An Android SMS-based spyware dubbed SMSVova, which can steal and relay a victim's location to an attacker in real time, has been downloaded between one and five million times since 2014 from the US Google Play store.
Zscaler ThreatLabz found that the app claimed to give users access to the latest Android software updates, but in fact was being used to spy on a user’s exact geolocation, which could have been used for any number of malicious reasons.
Despite clear red flags, millions downloaded it.
“The app portrays itself as a ‘System Update,’” the firm’s researchers explained, in a blog. “After reading the app reviews, it became clear that several users were misled by the app, thinking that it would provide them with latest Android release. Many users were unhappy with the app and conveyed their concerns.”
In addition to the negative reviews, there were other indicators that raised suspicions: The Google Play Store page for this particular app was showing blank screenshots, which is not common, and there was no proper description for the app. It also didn’t mention that it would track the victim, nor that it would send location information to a third party. It said only, “This application updates and enables special location features.”

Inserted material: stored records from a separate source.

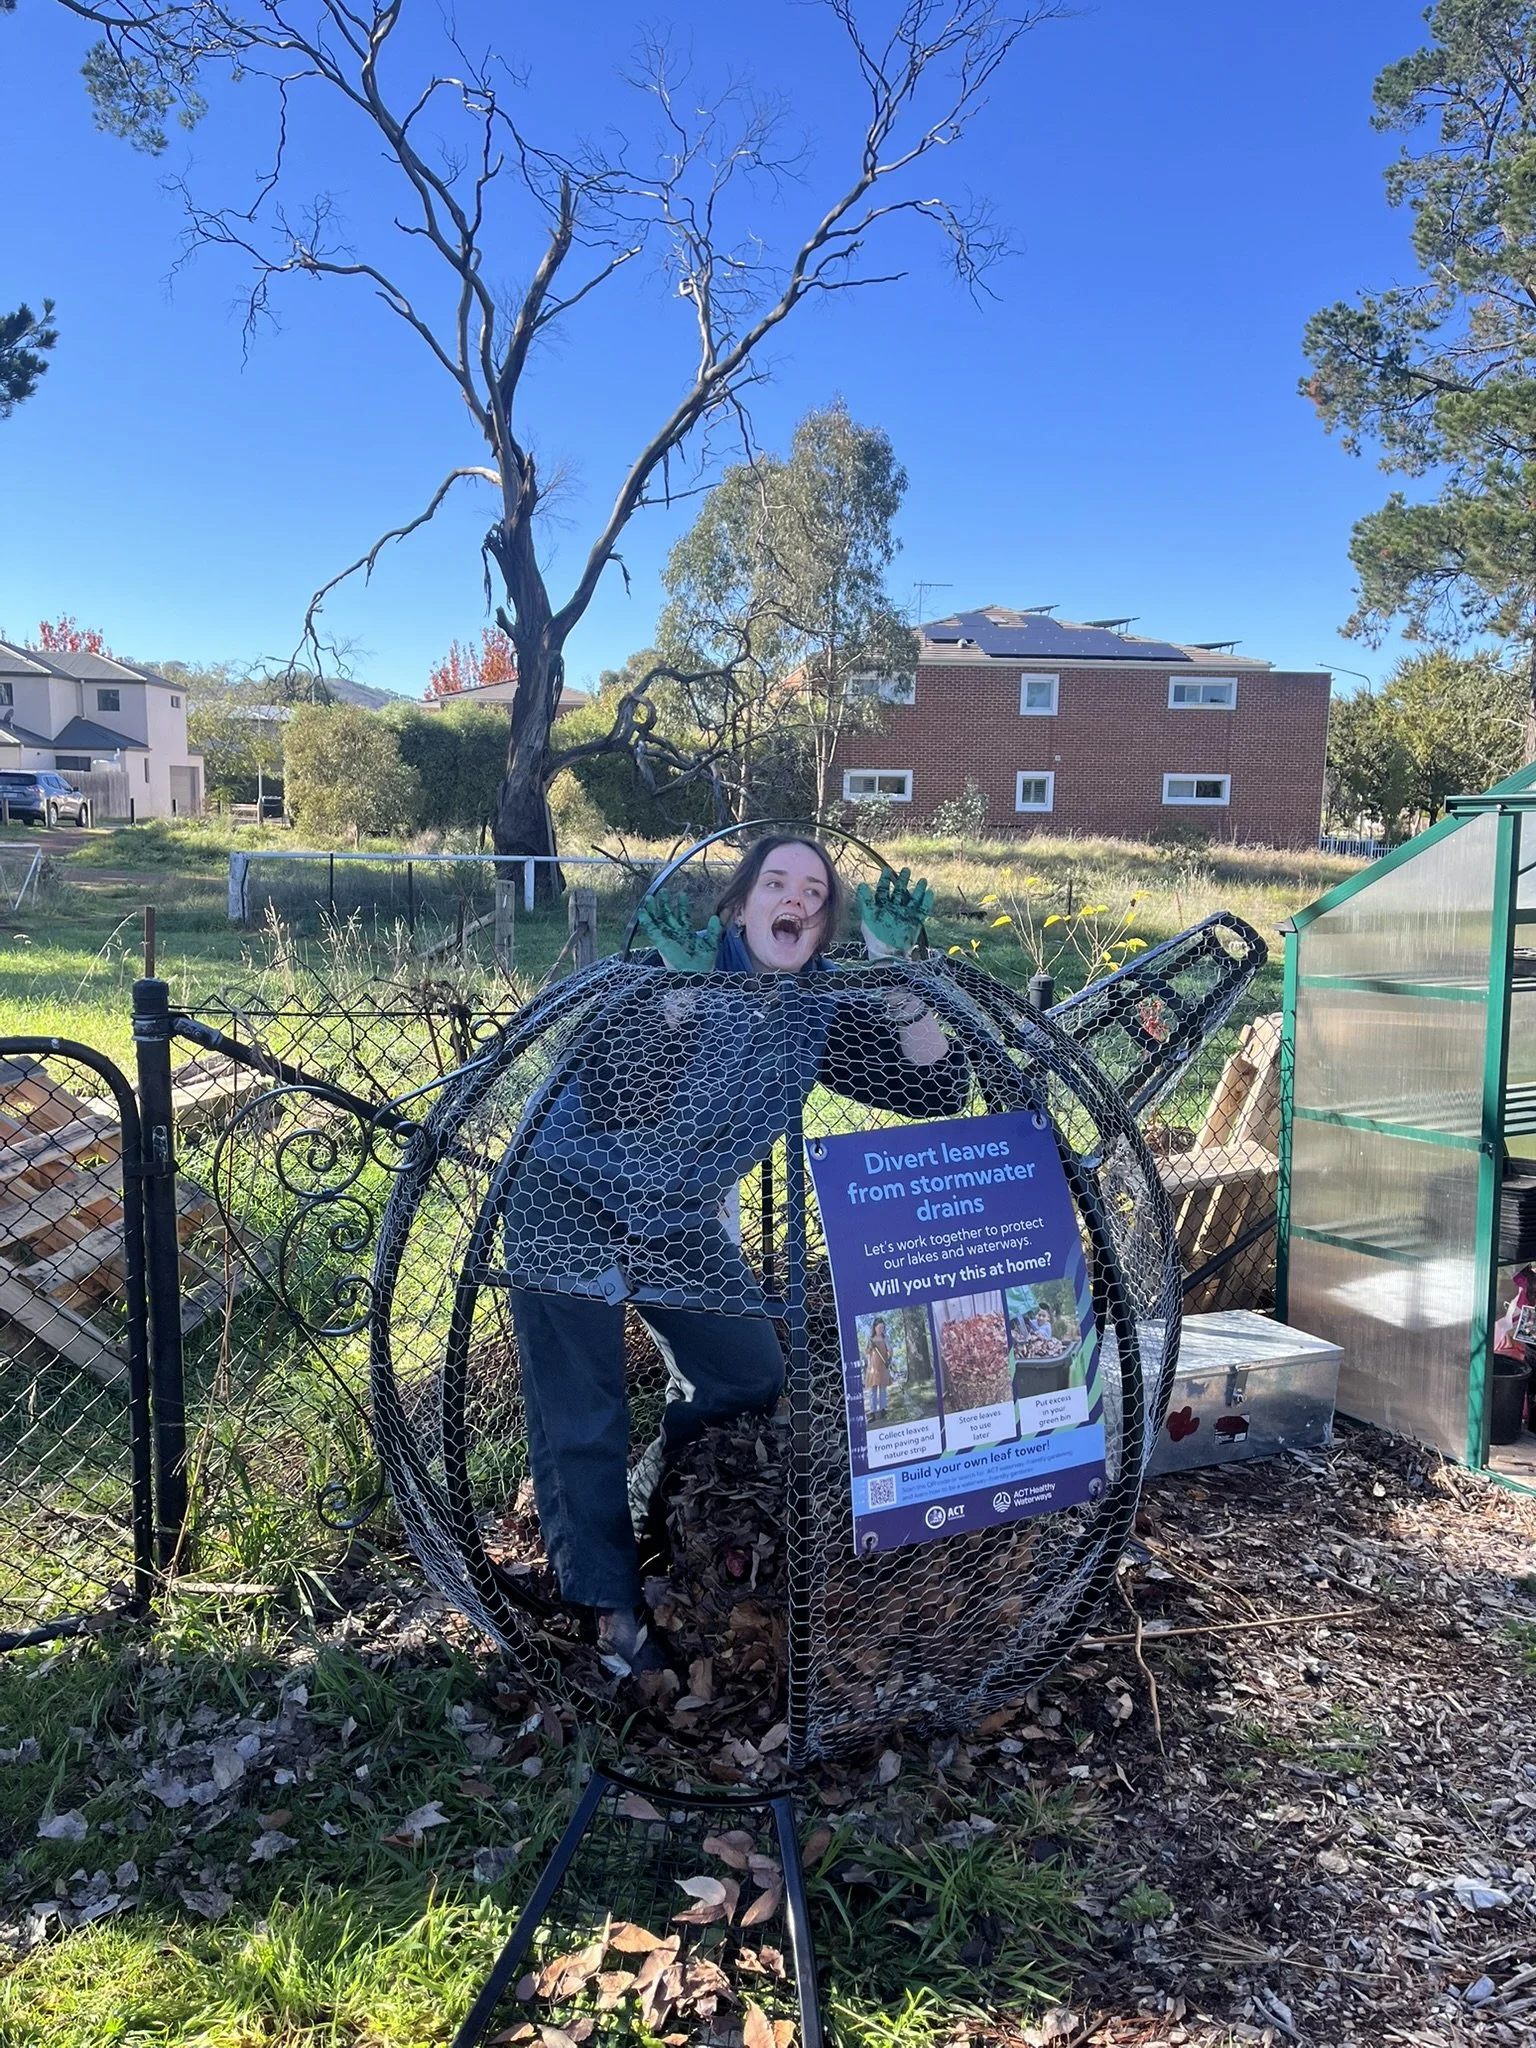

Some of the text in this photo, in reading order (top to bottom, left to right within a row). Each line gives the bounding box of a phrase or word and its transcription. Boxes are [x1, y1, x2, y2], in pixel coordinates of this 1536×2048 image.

[864, 1139, 1010, 1175] Divert leaves
[848, 1162, 1035, 1205] from stormwater
[917, 1195, 984, 1222] drains
[864, 1217, 1044, 1257] Let's work together to protect
[884, 1237, 1032, 1271] our lakes and waterways.
[870, 1252, 1052, 1297] Will you try this at home?
[1050, 1395, 1071, 1404] excess
[959, 1410, 1000, 1424] Store leaves
[1051, 1406, 1065, 1415] your
[1039, 1417, 1058, 1427] green
[879, 1426, 929, 1440] Collect leaves
[973, 1432, 989, 1440] later
[875, 1444, 892, 1452] from
[895, 1438, 919, 1449] paving
[884, 1446, 926, 1460] nature strip
[902, 1440, 1050, 1483] Build your own leaf tower!
[1014, 1483, 1055, 1498] ACT Healthy
[1014, 1492, 1052, 1507] Waterways
[948, 1505, 964, 1517] ACT

“There are many spyware variations present on the Google Play store, such as Cell Tracker, but the legitimate apps are explicit in their intentions, and have specific purposes for tracking a user’s device,” Zscaler researchers noted.
As soon as the user tries to start up the app, it abruptly quits and hides itself from the main screen. From there, it sets up an Android service and broadcast receiver to fetch the user’s last known location and set it up in Shared Preferences. An attacker could also set a location alert when victim’s battery is running low.
Interestingly, the code is a carbon copy of the location-stealing code in DroidJack, the remote access trojan.
“There are many apps on the Google Play Store that act as a spyware; for example, those that spy on the SMS messages of one’s spouse or fetch the location of children for concerned parents,” researchers said. “But those apps explicitly state their purpose, which is not the case with the app we analyzed for this report. It portrayed itself as a system update, misleading users into thinking they were downloading an Android System Update.”
Google has removed the app from the store since Zscaler reported it to the Google security team.